◆ PROVIDED INFORMATION ◆
- - - - -

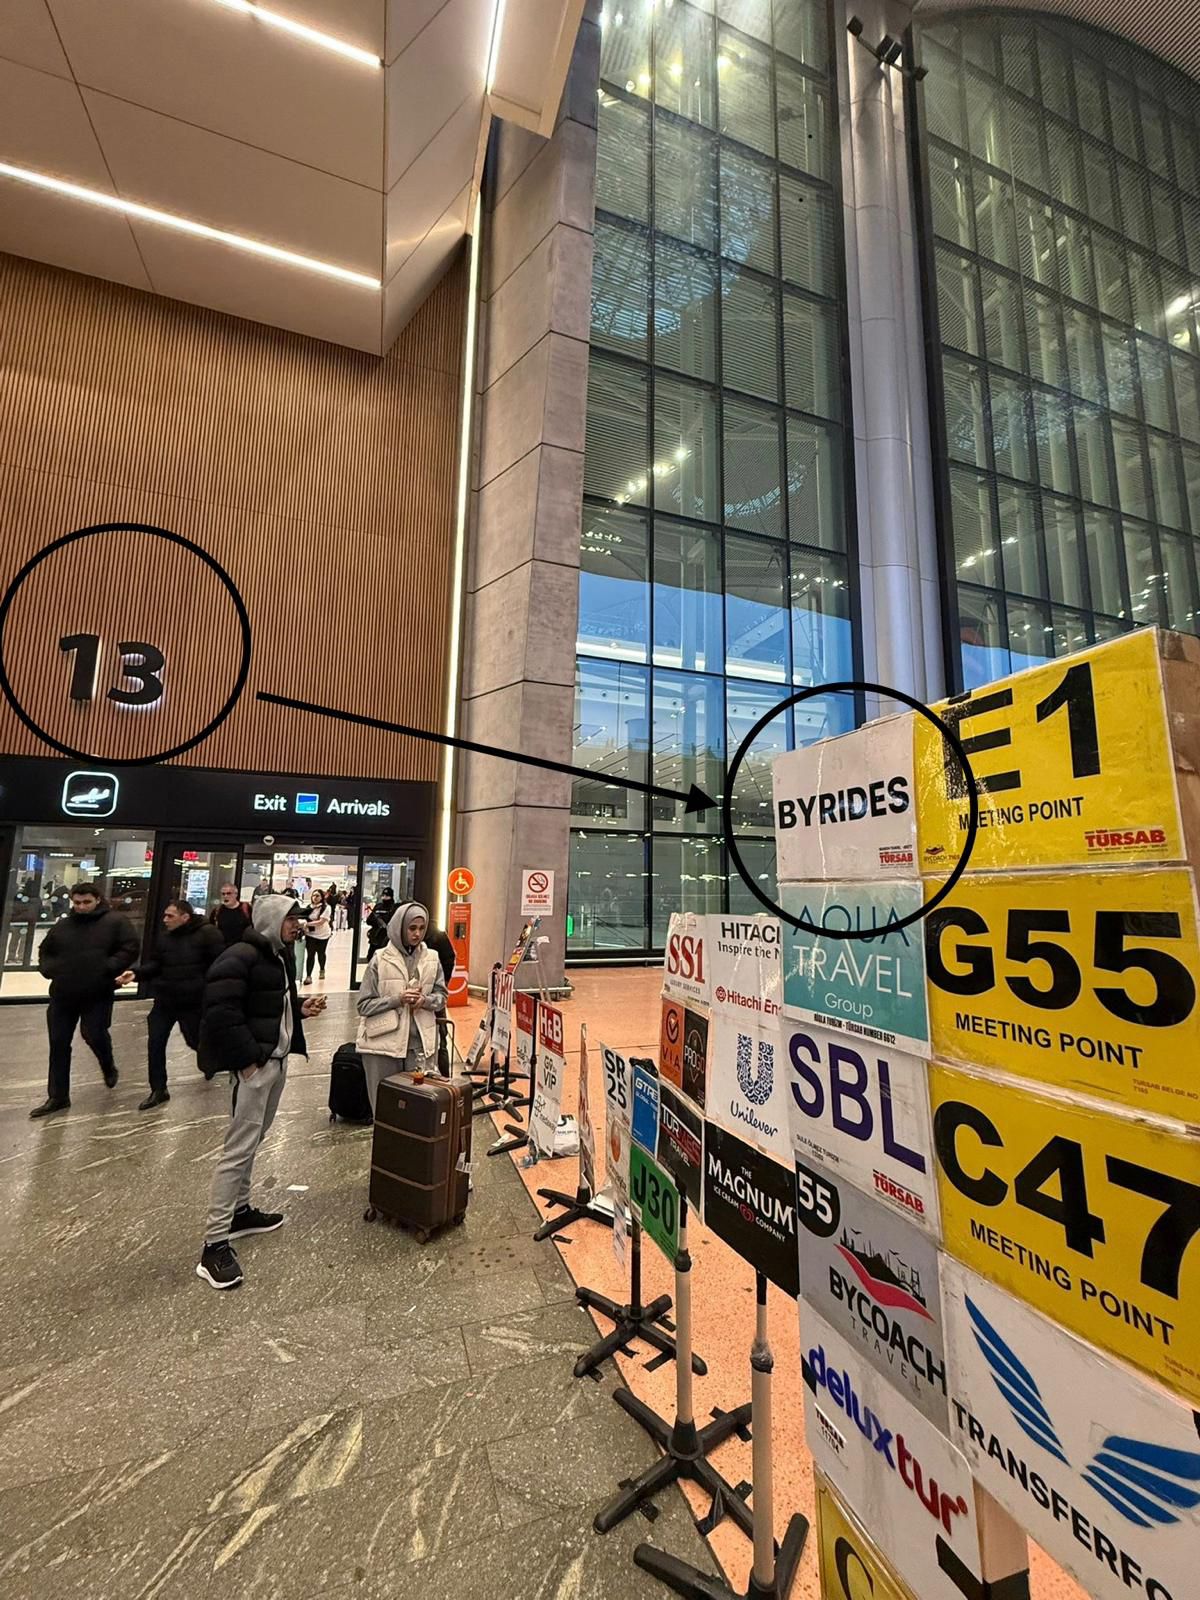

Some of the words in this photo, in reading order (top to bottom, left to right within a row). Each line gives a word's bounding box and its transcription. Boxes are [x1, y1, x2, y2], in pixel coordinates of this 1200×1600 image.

[58, 632, 165, 709] 13
[941, 661, 1101, 801] E1
[253, 794, 287, 812] Exit
[327, 798, 391, 817] Arrivals
[778, 776, 910, 829] BYRIDES
[958, 804, 1024, 831] METING
[1029, 796, 1084, 822] POINT
[1085, 828, 1166, 848] TÜRSAB
[792, 905, 910, 947] AQUA
[667, 933, 705, 984] SS1
[717, 941, 752, 956] Inspire
[755, 945, 771, 959] the
[792, 929, 912, 998] TRAVEL
[925, 906, 1196, 1028] G55
[727, 990, 762, 1011] Hitachi
[824, 992, 873, 1020] Group
[662, 1045, 681, 1070] VIA
[955, 1012, 1052, 1048] MEETING
[1059, 1032, 1143, 1068] POINT
[543, 1068, 557, 1091] VIP
[604, 1049, 627, 1086] SR
[607, 1075, 628, 1110] 25
[789, 1033, 926, 1175] SBL
[730, 1100, 778, 1137] Unilever
[708, 1151, 795, 1235] MAGNUM
[740, 1166, 752, 1180] THE
[872, 1172, 925, 1214] TÜRSAB
[634, 1163, 675, 1237] J30
[713, 1184, 722, 1197] ICE
[721, 1190, 739, 1209] CREAM
[799, 1169, 833, 1225] 55
[933, 1100, 1200, 1301] C47
[755, 1216, 786, 1243] COMPANY
[970, 1218, 1072, 1291] MEETING
[1080, 1277, 1175, 1346] POINT
[829, 1265, 948, 1398] BYCOACH
[850, 1316, 922, 1393] TRAVEL

- - - - -

◆ EXERCISE AIM ◆
Could you return the listing above exactly, minus its pictures?

◆ WRITTEN REPLY ◆
Some of the words in this photo, in reading order (top to bottom, left to right within a row). Each line gives a word's bounding box and its transcription. Boxes are [x1, y1, x2, y2], in pixel coordinates of this 1200×1600 image.

[58, 632, 165, 709] 13
[941, 661, 1101, 801] E1
[253, 794, 287, 812] Exit
[327, 798, 391, 817] Arrivals
[778, 776, 910, 829] BYRIDES
[958, 804, 1024, 831] METING
[1029, 796, 1084, 822] POINT
[1085, 828, 1166, 848] TÜRSAB
[792, 905, 910, 947] AQUA
[667, 933, 705, 984] SS1
[717, 941, 752, 956] Inspire
[755, 945, 771, 959] the
[792, 929, 912, 998] TRAVEL
[925, 906, 1196, 1028] G55
[727, 990, 762, 1011] Hitachi
[824, 992, 873, 1020] Group
[662, 1045, 681, 1070] VIA
[955, 1012, 1052, 1048] MEETING
[1059, 1032, 1143, 1068] POINT
[543, 1068, 557, 1091] VIP
[604, 1049, 627, 1086] SR
[607, 1075, 628, 1110] 25
[789, 1033, 926, 1175] SBL
[730, 1100, 778, 1137] Unilever
[708, 1151, 795, 1235] MAGNUM
[740, 1166, 752, 1180] THE
[872, 1172, 925, 1214] TÜRSAB
[634, 1163, 675, 1237] J30
[713, 1184, 722, 1197] ICE
[721, 1190, 739, 1209] CREAM
[799, 1169, 833, 1225] 55
[933, 1100, 1200, 1301] C47
[755, 1216, 786, 1243] COMPANY
[970, 1218, 1072, 1291] MEETING
[1080, 1277, 1175, 1346] POINT
[829, 1265, 948, 1398] BYCOACH
[850, 1316, 922, 1393] TRAVEL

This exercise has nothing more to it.